Source data:
*****
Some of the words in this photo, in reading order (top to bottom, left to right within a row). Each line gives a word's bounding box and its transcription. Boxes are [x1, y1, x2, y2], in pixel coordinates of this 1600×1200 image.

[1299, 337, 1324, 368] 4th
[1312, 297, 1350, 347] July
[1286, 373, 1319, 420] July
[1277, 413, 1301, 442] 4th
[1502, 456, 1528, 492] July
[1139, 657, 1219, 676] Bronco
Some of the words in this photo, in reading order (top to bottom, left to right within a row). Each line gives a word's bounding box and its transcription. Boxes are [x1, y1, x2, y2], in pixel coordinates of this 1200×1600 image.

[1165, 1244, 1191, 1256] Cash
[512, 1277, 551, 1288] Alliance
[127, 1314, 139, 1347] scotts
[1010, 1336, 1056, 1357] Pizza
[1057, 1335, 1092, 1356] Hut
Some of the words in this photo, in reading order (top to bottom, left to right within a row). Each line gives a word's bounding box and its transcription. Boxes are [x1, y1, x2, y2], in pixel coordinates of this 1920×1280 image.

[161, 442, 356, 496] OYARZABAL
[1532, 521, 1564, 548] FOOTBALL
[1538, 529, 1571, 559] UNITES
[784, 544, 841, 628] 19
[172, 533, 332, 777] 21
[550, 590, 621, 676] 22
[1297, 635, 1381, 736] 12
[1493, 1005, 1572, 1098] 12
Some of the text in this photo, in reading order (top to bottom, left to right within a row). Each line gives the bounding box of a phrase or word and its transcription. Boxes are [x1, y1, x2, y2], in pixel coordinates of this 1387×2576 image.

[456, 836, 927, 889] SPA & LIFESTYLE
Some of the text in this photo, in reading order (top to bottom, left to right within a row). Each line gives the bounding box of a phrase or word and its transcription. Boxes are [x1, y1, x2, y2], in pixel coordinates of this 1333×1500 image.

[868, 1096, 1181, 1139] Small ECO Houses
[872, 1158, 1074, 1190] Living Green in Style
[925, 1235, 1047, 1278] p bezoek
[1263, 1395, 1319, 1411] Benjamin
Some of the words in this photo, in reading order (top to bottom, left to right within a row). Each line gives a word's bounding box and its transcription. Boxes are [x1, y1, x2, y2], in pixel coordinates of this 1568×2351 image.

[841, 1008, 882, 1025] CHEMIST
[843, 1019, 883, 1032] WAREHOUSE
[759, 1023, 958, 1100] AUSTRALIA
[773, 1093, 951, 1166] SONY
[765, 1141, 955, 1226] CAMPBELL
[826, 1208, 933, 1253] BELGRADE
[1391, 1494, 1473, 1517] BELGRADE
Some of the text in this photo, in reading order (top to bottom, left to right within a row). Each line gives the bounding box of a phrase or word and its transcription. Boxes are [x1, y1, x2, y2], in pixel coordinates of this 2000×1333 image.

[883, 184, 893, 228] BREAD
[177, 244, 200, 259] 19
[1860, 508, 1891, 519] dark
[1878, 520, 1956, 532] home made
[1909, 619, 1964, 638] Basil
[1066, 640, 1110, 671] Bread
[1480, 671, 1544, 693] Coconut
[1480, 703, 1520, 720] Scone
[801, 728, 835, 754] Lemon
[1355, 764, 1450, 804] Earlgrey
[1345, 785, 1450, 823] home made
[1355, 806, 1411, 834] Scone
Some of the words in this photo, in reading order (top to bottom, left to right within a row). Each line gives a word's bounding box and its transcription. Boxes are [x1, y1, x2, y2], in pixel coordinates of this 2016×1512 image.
*****
== Problem to work on ==
Above are the records; set each one down word for word.

== Response to the task ==
Some of the words in this photo, in reading order (top to bottom, left to right within a row). Each line gives a word's bounding box and its transcription. Boxes are [x1, y1, x2, y2], in pixel coordinates of this 1600×1200 image.

[1299, 337, 1324, 368] 4th
[1312, 297, 1350, 347] July
[1286, 373, 1319, 420] July
[1277, 413, 1301, 442] 4th
[1502, 456, 1528, 492] July
[1139, 657, 1219, 676] Bronco
Some of the words in this photo, in reading order (top to bottom, left to right within a row). Each line gives a word's bounding box and its transcription. Boxes are [x1, y1, x2, y2], in pixel coordinates of this 1200×1600 image.

[1165, 1244, 1191, 1256] Cash
[512, 1277, 551, 1288] Alliance
[127, 1314, 139, 1347] scotts
[1010, 1336, 1056, 1357] Pizza
[1057, 1335, 1092, 1356] Hut
Some of the words in this photo, in reading order (top to bottom, left to right within a row). Each line gives a word's bounding box and its transcription. Boxes are [x1, y1, x2, y2], in pixel coordinates of this 1920×1280 image.

[161, 442, 356, 496] OYARZABAL
[1532, 521, 1564, 548] FOOTBALL
[1538, 529, 1571, 559] UNITES
[784, 544, 841, 628] 19
[172, 533, 332, 777] 21
[550, 590, 621, 676] 22
[1297, 635, 1381, 736] 12
[1493, 1005, 1572, 1098] 12
Some of the text in this photo, in reading order (top to bottom, left to right within a row). Each line gives the bounding box of a phrase or word and its transcription. Boxes are [x1, y1, x2, y2], in pixel coordinates of this 1387×2576 image.

[456, 836, 927, 889] SPA & LIFESTYLE
Some of the text in this photo, in reading order (top to bottom, left to right within a row). Each line gives the bounding box of a phrase or word and its transcription. Boxes are [x1, y1, x2, y2], in pixel coordinates of this 1333×1500 image.

[868, 1096, 1181, 1139] Small ECO Houses
[872, 1158, 1074, 1190] Living Green in Style
[925, 1235, 1047, 1278] p bezoek
[1263, 1395, 1319, 1411] Benjamin
Some of the words in this photo, in reading order (top to bottom, left to right within a row). Each line gives a word's bounding box and its transcription. Boxes are [x1, y1, x2, y2], in pixel coordinates of this 1568×2351 image.

[841, 1008, 882, 1025] CHEMIST
[843, 1019, 883, 1032] WAREHOUSE
[759, 1023, 958, 1100] AUSTRALIA
[773, 1093, 951, 1166] SONY
[765, 1141, 955, 1226] CAMPBELL
[826, 1208, 933, 1253] BELGRADE
[1391, 1494, 1473, 1517] BELGRADE
Some of the text in this photo, in reading order (top to bottom, left to right within a row). Each line gives the bounding box of a phrase or word and its transcription. Boxes are [x1, y1, x2, y2], in pixel coordinates of this 2000×1333 image.

[883, 184, 893, 228] BREAD
[177, 244, 200, 259] 19
[1860, 508, 1891, 519] dark
[1878, 520, 1956, 532] home made
[1909, 619, 1964, 638] Basil
[1066, 640, 1110, 671] Bread
[1480, 671, 1544, 693] Coconut
[1480, 703, 1520, 720] Scone
[801, 728, 835, 754] Lemon
[1355, 764, 1450, 804] Earlgrey
[1345, 785, 1450, 823] home made
[1355, 806, 1411, 834] Scone
Some of the words in this photo, in reading order (top to bottom, left to right within a row). Each line gives a word's bounding box and its transcription. Boxes are [x1, y1, x2, y2], in pixel coordinates of this 2016×1512 image.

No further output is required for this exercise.